» **REQUIRED WORK**: Restate the listing below word for word, and leave its pictures behind.

━━━ TASK MATERIAL ━━━

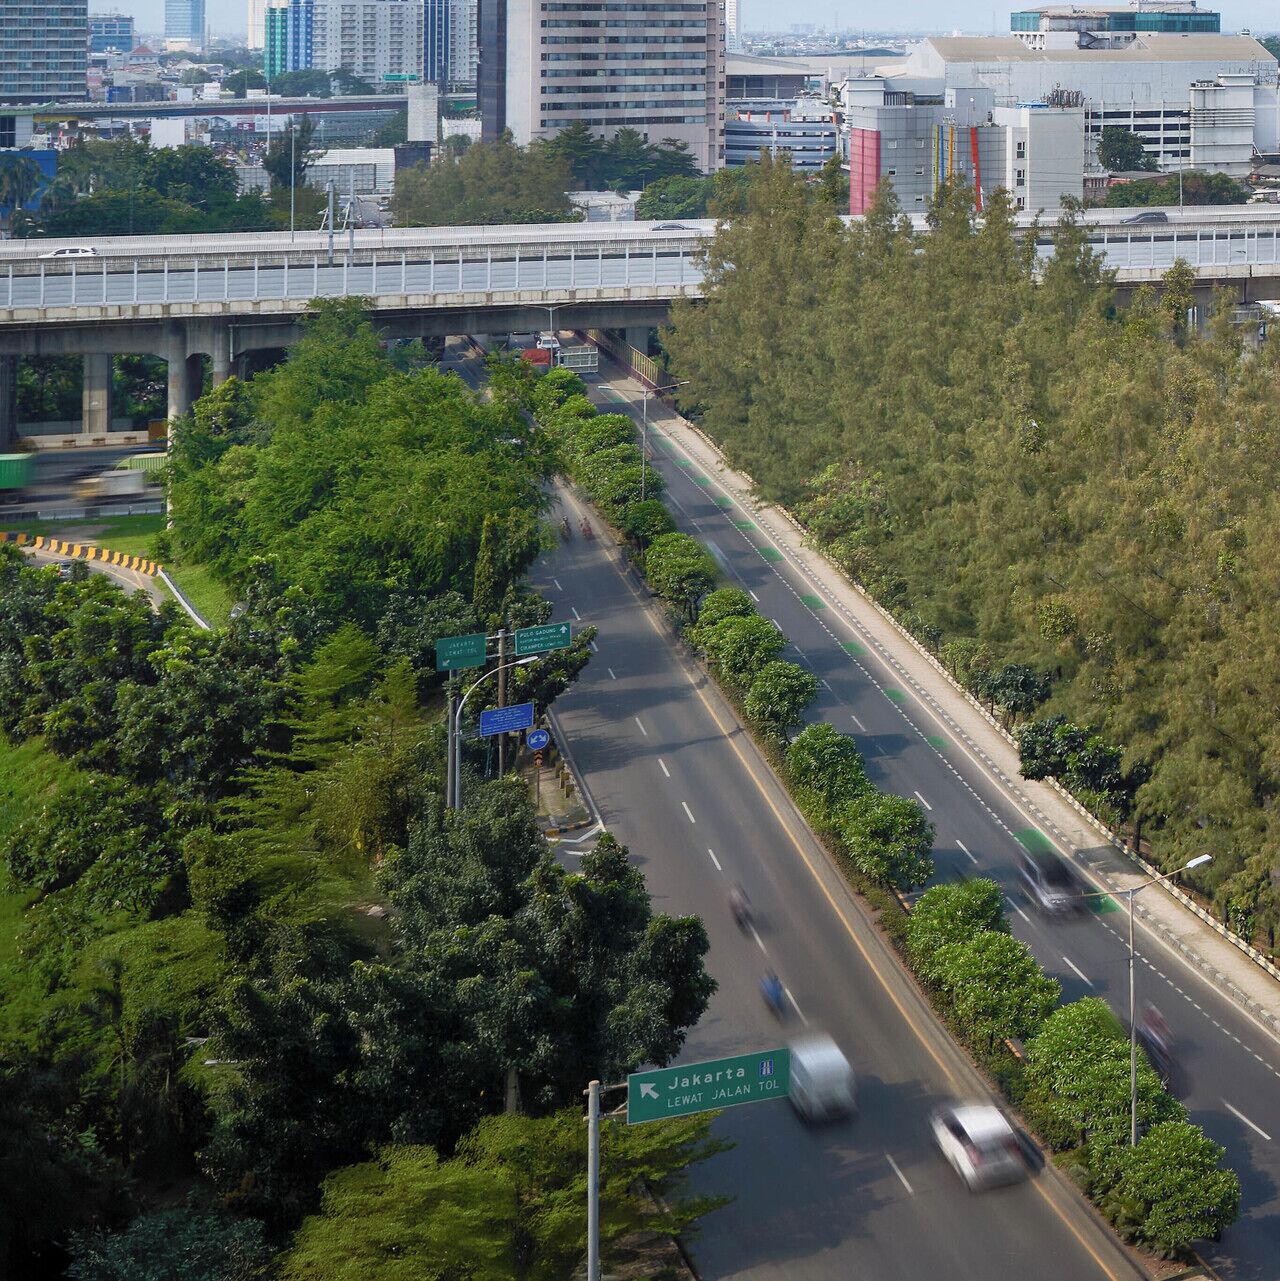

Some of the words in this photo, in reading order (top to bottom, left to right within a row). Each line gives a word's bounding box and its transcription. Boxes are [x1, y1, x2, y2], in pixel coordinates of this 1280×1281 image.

[449, 640, 475, 649] JAKARTA
[668, 1067, 746, 1090] Jakarta
[667, 1092, 704, 1108] LEWAT
[711, 1084, 751, 1100] JALAN
[758, 1080, 780, 1092] TOL
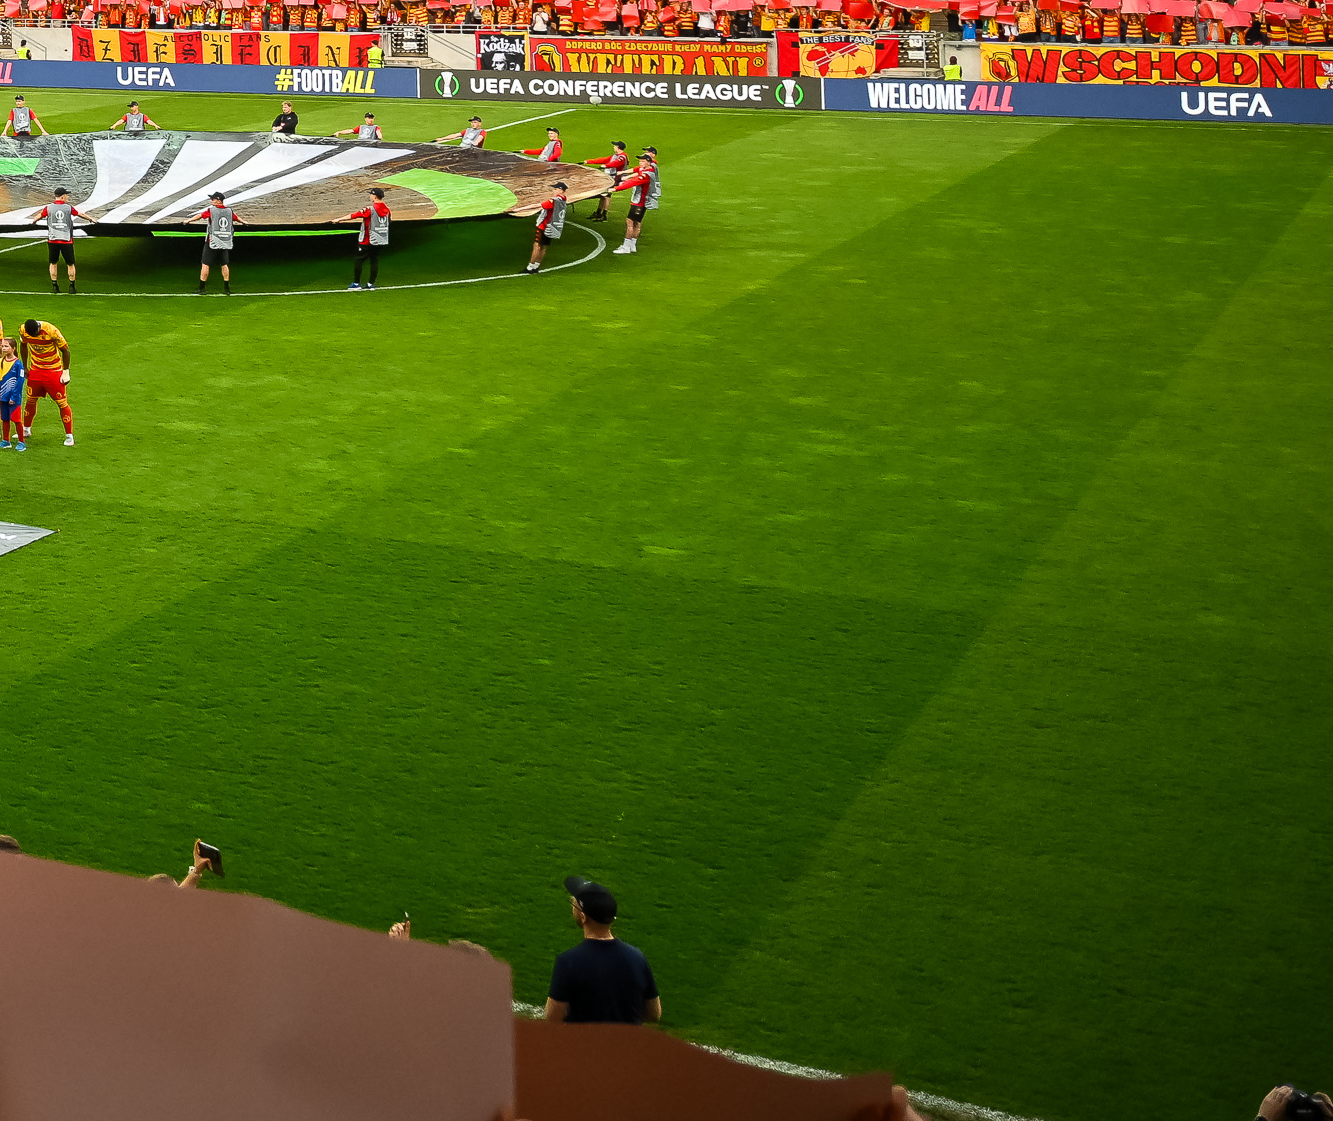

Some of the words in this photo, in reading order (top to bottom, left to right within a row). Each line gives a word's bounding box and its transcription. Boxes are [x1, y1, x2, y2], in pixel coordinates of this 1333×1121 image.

━━━

» **WRITTEN RESPONSE**:
Some of the words in this photo, in reading order (top to bottom, left to right within a row). Each line gives a word's bounding box and its transcription. Boxes are [x1, y1, x2, y2], in pixel coordinates of this 1280×1281 image.

[449, 640, 475, 649] JAKARTA
[668, 1067, 746, 1090] Jakarta
[667, 1092, 704, 1108] LEWAT
[711, 1084, 751, 1100] JALAN
[758, 1080, 780, 1092] TOL

Some of the words in this photo, in reading order (top to bottom, left to right within a row). Each line gives a word's bounding box and its transcription. Boxes are [x1, y1, x2, y2], in pixel coordinates of this 1333×1121 image.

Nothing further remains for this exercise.